Instructions to follow
Write out the data once more, exactly as it reads.

=== Begin Enclosure ===

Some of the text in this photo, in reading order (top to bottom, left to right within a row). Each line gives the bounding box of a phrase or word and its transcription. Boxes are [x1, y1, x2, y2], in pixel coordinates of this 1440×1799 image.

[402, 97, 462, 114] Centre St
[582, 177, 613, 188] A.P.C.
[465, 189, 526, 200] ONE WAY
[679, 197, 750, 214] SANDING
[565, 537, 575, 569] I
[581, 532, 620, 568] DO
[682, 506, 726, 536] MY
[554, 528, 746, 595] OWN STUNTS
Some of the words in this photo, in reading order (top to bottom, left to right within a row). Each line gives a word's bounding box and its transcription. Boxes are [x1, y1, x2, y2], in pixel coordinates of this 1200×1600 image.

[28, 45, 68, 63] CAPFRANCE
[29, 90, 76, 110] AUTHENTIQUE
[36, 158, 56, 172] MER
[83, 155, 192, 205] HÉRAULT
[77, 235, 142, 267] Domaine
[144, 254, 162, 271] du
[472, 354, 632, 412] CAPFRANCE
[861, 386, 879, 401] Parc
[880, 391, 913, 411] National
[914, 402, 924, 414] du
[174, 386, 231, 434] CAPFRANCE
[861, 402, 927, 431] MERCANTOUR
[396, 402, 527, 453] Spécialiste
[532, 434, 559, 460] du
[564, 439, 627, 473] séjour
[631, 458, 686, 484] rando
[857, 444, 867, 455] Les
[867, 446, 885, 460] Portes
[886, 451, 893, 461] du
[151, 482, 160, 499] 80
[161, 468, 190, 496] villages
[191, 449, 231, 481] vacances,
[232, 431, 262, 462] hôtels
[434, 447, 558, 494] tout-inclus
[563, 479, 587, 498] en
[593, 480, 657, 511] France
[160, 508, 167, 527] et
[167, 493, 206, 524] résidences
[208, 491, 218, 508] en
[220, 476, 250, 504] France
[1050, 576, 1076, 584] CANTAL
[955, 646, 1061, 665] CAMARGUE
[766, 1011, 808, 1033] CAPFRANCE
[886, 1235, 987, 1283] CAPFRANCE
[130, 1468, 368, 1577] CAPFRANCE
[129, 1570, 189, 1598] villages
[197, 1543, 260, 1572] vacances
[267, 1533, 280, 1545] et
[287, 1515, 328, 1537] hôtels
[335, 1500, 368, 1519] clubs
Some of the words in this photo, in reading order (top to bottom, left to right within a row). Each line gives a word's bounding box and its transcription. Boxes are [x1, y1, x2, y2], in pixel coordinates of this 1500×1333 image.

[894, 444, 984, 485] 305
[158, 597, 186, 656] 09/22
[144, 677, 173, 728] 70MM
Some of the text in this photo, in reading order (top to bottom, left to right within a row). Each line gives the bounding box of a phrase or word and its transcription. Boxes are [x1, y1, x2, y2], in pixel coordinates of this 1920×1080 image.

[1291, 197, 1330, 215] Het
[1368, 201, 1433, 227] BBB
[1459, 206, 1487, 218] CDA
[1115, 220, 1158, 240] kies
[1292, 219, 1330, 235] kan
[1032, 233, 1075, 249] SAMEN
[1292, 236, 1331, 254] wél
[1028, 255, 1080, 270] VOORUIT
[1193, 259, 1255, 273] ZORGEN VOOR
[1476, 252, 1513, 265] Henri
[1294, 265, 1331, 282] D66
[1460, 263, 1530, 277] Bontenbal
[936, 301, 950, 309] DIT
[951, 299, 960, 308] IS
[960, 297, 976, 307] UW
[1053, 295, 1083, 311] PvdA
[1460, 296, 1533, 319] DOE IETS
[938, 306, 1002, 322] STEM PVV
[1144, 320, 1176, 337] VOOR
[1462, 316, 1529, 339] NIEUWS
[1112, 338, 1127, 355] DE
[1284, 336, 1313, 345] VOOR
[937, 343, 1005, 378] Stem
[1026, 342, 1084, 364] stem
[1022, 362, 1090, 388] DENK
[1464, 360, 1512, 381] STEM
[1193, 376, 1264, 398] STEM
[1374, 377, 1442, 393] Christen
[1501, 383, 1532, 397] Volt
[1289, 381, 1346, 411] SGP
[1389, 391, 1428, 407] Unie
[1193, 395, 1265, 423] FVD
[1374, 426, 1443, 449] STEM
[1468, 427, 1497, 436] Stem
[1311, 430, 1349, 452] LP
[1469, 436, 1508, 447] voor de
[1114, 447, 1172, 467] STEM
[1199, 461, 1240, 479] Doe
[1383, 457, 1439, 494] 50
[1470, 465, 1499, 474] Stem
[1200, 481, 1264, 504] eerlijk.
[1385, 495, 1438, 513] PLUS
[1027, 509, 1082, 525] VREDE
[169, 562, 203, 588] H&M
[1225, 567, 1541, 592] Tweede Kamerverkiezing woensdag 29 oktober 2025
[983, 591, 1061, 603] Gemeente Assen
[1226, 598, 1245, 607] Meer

=== End Enclosure ===

Solution to the exercise
Some of the text in this photo, in reading order (top to bottom, left to right within a row). Each line gives the bounding box of a phrase or word and its transcription. Boxes are [x1, y1, x2, y2], in pixel coordinates of this 1440×1799 image.

[402, 97, 462, 114] Centre St
[582, 177, 613, 188] A.P.C.
[465, 189, 526, 200] ONE WAY
[679, 197, 750, 214] SANDING
[565, 537, 575, 569] I
[581, 532, 620, 568] DO
[682, 506, 726, 536] MY
[554, 528, 746, 595] OWN STUNTS
Some of the words in this photo, in reading order (top to bottom, left to right within a row). Each line gives a word's bounding box and its transcription. Boxes are [x1, y1, x2, y2], in pixel coordinates of this 1200×1600 image.

[28, 45, 68, 63] CAPFRANCE
[29, 90, 76, 110] AUTHENTIQUE
[36, 158, 56, 172] MER
[83, 155, 192, 205] HÉRAULT
[77, 235, 142, 267] Domaine
[144, 254, 162, 271] du
[472, 354, 632, 412] CAPFRANCE
[861, 386, 879, 401] Parc
[880, 391, 913, 411] National
[914, 402, 924, 414] du
[174, 386, 231, 434] CAPFRANCE
[861, 402, 927, 431] MERCANTOUR
[396, 402, 527, 453] Spécialiste
[532, 434, 559, 460] du
[564, 439, 627, 473] séjour
[631, 458, 686, 484] rando
[857, 444, 867, 455] Les
[867, 446, 885, 460] Portes
[886, 451, 893, 461] du
[151, 482, 160, 499] 80
[161, 468, 190, 496] villages
[191, 449, 231, 481] vacances,
[232, 431, 262, 462] hôtels
[434, 447, 558, 494] tout-inclus
[563, 479, 587, 498] en
[593, 480, 657, 511] France
[160, 508, 167, 527] et
[167, 493, 206, 524] résidences
[208, 491, 218, 508] en
[220, 476, 250, 504] France
[1050, 576, 1076, 584] CANTAL
[955, 646, 1061, 665] CAMARGUE
[766, 1011, 808, 1033] CAPFRANCE
[886, 1235, 987, 1283] CAPFRANCE
[130, 1468, 368, 1577] CAPFRANCE
[129, 1570, 189, 1598] villages
[197, 1543, 260, 1572] vacances
[267, 1533, 280, 1545] et
[287, 1515, 328, 1537] hôtels
[335, 1500, 368, 1519] clubs
Some of the words in this photo, in reading order (top to bottom, left to right within a row). Each line gives a word's bounding box and its transcription. Boxes are [x1, y1, x2, y2], in pixel coordinates of this 1500×1333 image.

[894, 444, 984, 485] 305
[158, 597, 186, 656] 09/22
[144, 677, 173, 728] 70MM
Some of the text in this photo, in reading order (top to bottom, left to right within a row). Each line gives the bounding box of a phrase or word and its transcription. Boxes are [x1, y1, x2, y2], in pixel coordinates of this 1920×1080 image.

[1291, 197, 1330, 215] Het
[1368, 201, 1433, 227] BBB
[1459, 206, 1487, 218] CDA
[1115, 220, 1158, 240] kies
[1292, 219, 1330, 235] kan
[1032, 233, 1075, 249] SAMEN
[1292, 236, 1331, 254] wél
[1028, 255, 1080, 270] VOORUIT
[1193, 259, 1255, 273] ZORGEN VOOR
[1476, 252, 1513, 265] Henri
[1294, 265, 1331, 282] D66
[1460, 263, 1530, 277] Bontenbal
[936, 301, 950, 309] DIT
[951, 299, 960, 308] IS
[960, 297, 976, 307] UW
[1053, 295, 1083, 311] PvdA
[1460, 296, 1533, 319] DOE IETS
[938, 306, 1002, 322] STEM PVV
[1144, 320, 1176, 337] VOOR
[1462, 316, 1529, 339] NIEUWS
[1112, 338, 1127, 355] DE
[1284, 336, 1313, 345] VOOR
[937, 343, 1005, 378] Stem
[1026, 342, 1084, 364] stem
[1022, 362, 1090, 388] DENK
[1464, 360, 1512, 381] STEM
[1193, 376, 1264, 398] STEM
[1374, 377, 1442, 393] Christen
[1501, 383, 1532, 397] Volt
[1289, 381, 1346, 411] SGP
[1389, 391, 1428, 407] Unie
[1193, 395, 1265, 423] FVD
[1374, 426, 1443, 449] STEM
[1468, 427, 1497, 436] Stem
[1311, 430, 1349, 452] LP
[1469, 436, 1508, 447] voor de
[1114, 447, 1172, 467] STEM
[1199, 461, 1240, 479] Doe
[1383, 457, 1439, 494] 50
[1470, 465, 1499, 474] Stem
[1200, 481, 1264, 504] eerlijk.
[1385, 495, 1438, 513] PLUS
[1027, 509, 1082, 525] VREDE
[169, 562, 203, 588] H&M
[1225, 567, 1541, 592] Tweede Kamerverkiezing woensdag 29 oktober 2025
[983, 591, 1061, 603] Gemeente Assen
[1226, 598, 1245, 607] Meer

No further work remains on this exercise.